A revolução tecnológica se configura como um inexorável modus operandi da contemporaneidade cujas implicações se enveredam por searas éticas, sociais, políticas e ontológicas. Nessa toada, Marilena Chauí, escritora e filósofa brasileira, ao recentemente afirmar que “não vivemos uma mudança tecnológica, mas uma mutação civilizacional” , convida-nos a refletir sobre a profundidade e os desdobramentos das constantes transformações que invariavelmente atravessam nosso tempo.
A modificação tecnológica refere-se ao desenvolvimento de ferramentas e processos que forjam nossas práticas cotidianas, enquanto a mutação civilizacional envolve reconfigurações abrangentes de valores, estruturas e formas de organização social. Para compreender essa diferença, a distinção que Hannah Arendt (1906-1975), filósofa alemã, delineia entre "trabalho", "obra" e "ação" pode ser de grande valia. No contexto atual, a obsessão tecnológica parece priorizar o "trabalho", ou seja, a manutenção da vida decorrente da produção incessante. No entanto, esse indefectível fetiche “high-tech” negligencia a "ação", isto é, a possibilidade de criar novos modos de vida e formas de interação humana.
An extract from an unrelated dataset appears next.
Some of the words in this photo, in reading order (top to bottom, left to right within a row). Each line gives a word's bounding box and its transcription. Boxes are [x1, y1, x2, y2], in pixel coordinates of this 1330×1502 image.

Essa mera preservação da existência dificilmente produz algo inédito. Pelo contrário. Só reproduz. Consequentemente, não há novas “obras”.
Por outro lado, Achille Mbembe, filósofo camaronês, discute perspectivas fundamentais para compreender essa metamorfose dos dias de hoje como reestruturações no regime de poder e existência. O pensador propõe, por exemplo, o conceito de "necropolítica" para descrever como, na era contemporânea, o poder é exercido por meio do controle sobre quem vive e quem morre. Nesse sentido, a mutação civilizacional necessária não se limita à tecnologia, mas envolve também o respeito à dignidade humana em um mundo cada vez mais desigual, alienado, injusto e opressor.
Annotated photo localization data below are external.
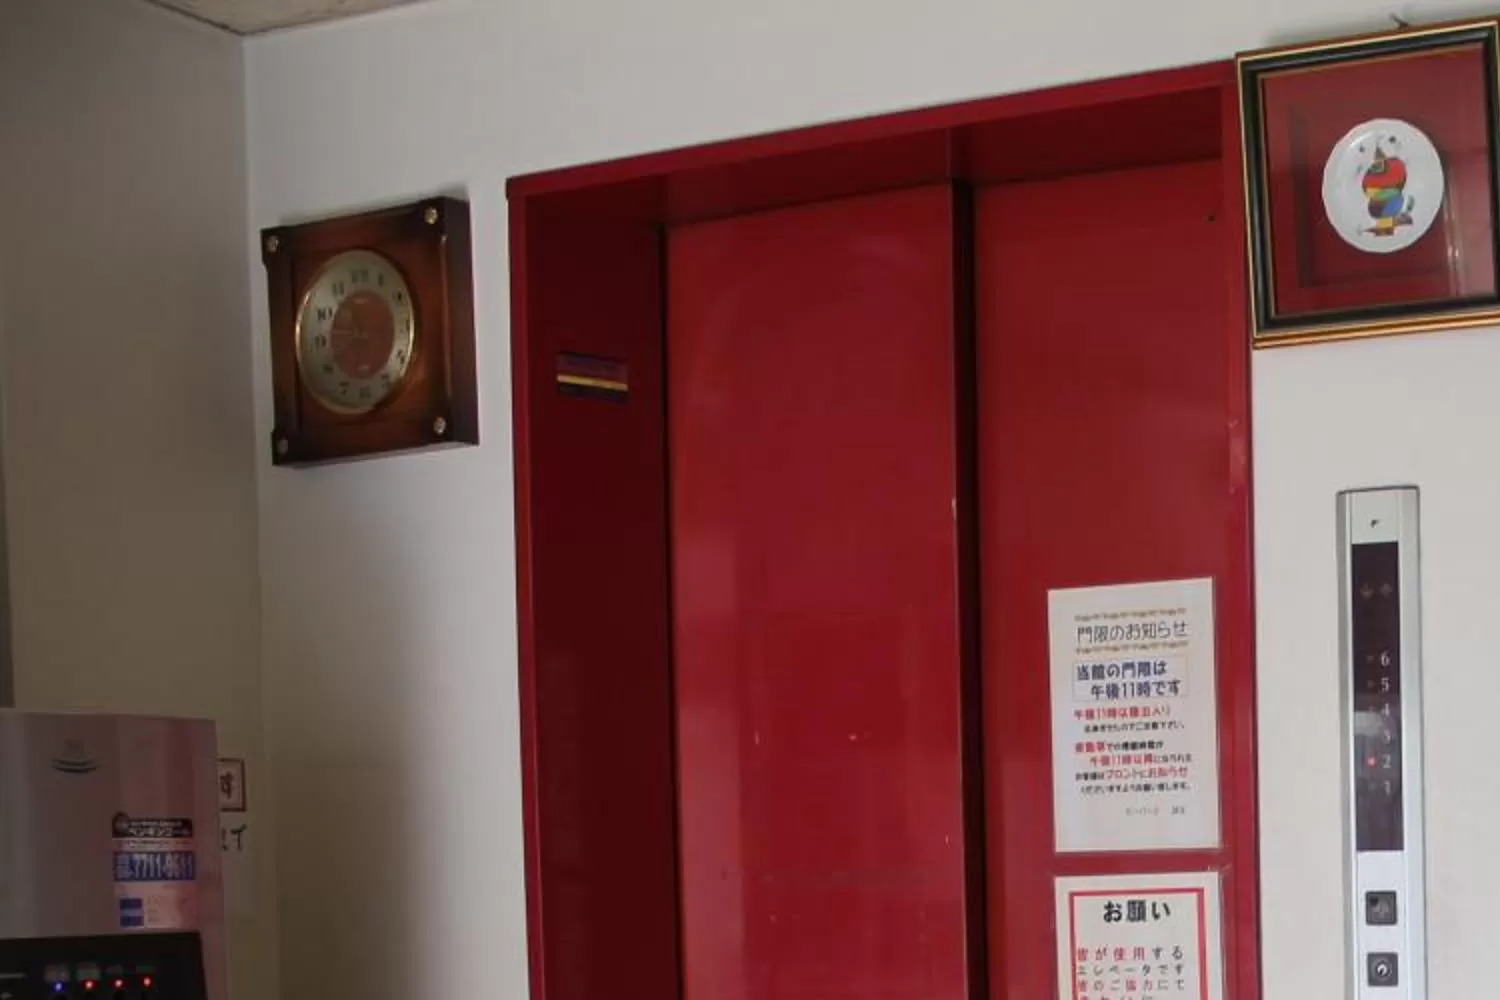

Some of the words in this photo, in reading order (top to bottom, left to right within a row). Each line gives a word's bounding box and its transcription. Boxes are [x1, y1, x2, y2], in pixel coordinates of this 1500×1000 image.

[1076, 620, 1189, 644] 門限のお知らせ
[1379, 651, 1392, 667] 6
[1090, 679, 1182, 701] 午後11時です
[1380, 677, 1391, 693] 5
[1381, 753, 1392, 769] 2
[1103, 899, 1172, 923] お願い
[1078, 963, 1184, 976] エレベータです
Ademais, baseada nas proposições sobre a colonialidade de poder, concebidas por Anibal Quijano (1928-2018), pensador humanista peruano, a filósofa argentina Maria Lugones contribui para essas discussões com o conceito de "colonialidade de gênero". Como as estruturas tecnológicas não são neutras, a estudiosa aponta que esses artefatos frequentemente carregam e reproduzem hierarquias coloniais, raciais e de gênero. A mutação civilizacional que vivemos não pode ser compreendida sem o reconhecimento de que as tecnologias digitais, como a onipresente inteligência artificial, perpetuam essas composições ao sistematizar e normatizar exclusões e desigualdades.
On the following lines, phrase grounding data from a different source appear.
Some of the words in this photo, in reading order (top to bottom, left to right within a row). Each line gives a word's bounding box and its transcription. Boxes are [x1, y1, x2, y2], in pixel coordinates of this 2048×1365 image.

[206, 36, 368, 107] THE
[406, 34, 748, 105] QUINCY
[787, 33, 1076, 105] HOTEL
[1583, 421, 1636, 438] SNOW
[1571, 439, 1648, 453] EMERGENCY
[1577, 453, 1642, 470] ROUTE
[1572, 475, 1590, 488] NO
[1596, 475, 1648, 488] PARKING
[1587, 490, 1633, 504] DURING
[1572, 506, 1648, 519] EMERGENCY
Nesse esteio, Martin Heidegger (1889-1976), filósofo alemão, em A Questão da Técnica , alerta para o risco de nos tornarmos servos das próprias tecnologias que criamos, ao permitimos que elas transformem o mundo em acervos de recursos para a funesta exploração e a reles reprodução. Porém, enquanto Heidegger reflete a partir do Norte Global, filósofos como Frantz Fanon (1925-1961), de Martinica, e bell hooks (1952-2021), ativista antirracista estadunidense, destacam que, além de material, essa expropriação é igualmente simbólica, política e cultural, o que desproporcionalmente afeta as populações racializadas no Sul Global.
Nesse sentido, a ética ubuntu, filosofia central em muitas tradições africanas cuja essência é a interação respeitosa com os outros e sustentada na noção de um “nós” que se reconhece como componente inseparável do tecido social, oportuniza perspectivas alternativas para o debate acerca da mutação civilizacional. O princípio de "eu sou porque nós somos" desafia o individualismo exacerbado que caracteriza particularmente a modernidade ocidental. Nesse esteio, Sylvia Wynter, filósofa jamaicana, argumenta que a humanidade precisa superar o "modelo de sujeito" eurocêntrico que domina as noções de progresso e desenvolvimento. Segundo a pensadora, a civilização só será revolucionária, do ponto de vista da humanização, ao reconhecermos a possibilidade de desenvolvermos múltiplas formas de ser, pensar e existir, inspiradas em vivências de todos os recantos do mundo.
Se, como afirma Marilena Chauí, estamos diante de uma mutação civilizacional, essa transição enseja reflexões sobre o que queremos preservar e o que devemos abandonar. À luz da convergência das ponderações acima, é patente afirmar que a verdadeira revolução não reside apenas em avanços técnicos, mas em expansões sociais, éticas e culturais. A mutação civilizacional que precisamos demanda rupturas com a lógica colonial e capitalista que trata vidas humanas e a natureza como descartáveis e mercantilizáveis. Talvez assim possamos conceber um futuro em que as tecnologias estejam a serviço de uma civilização mais justa, ética, plural, produtiva e solidária. Não se trata apenas de uma tarefa filosófica, mas um clamor urgente, coletivo, prático, político e existencial para não somente reproduzirmos o status quo.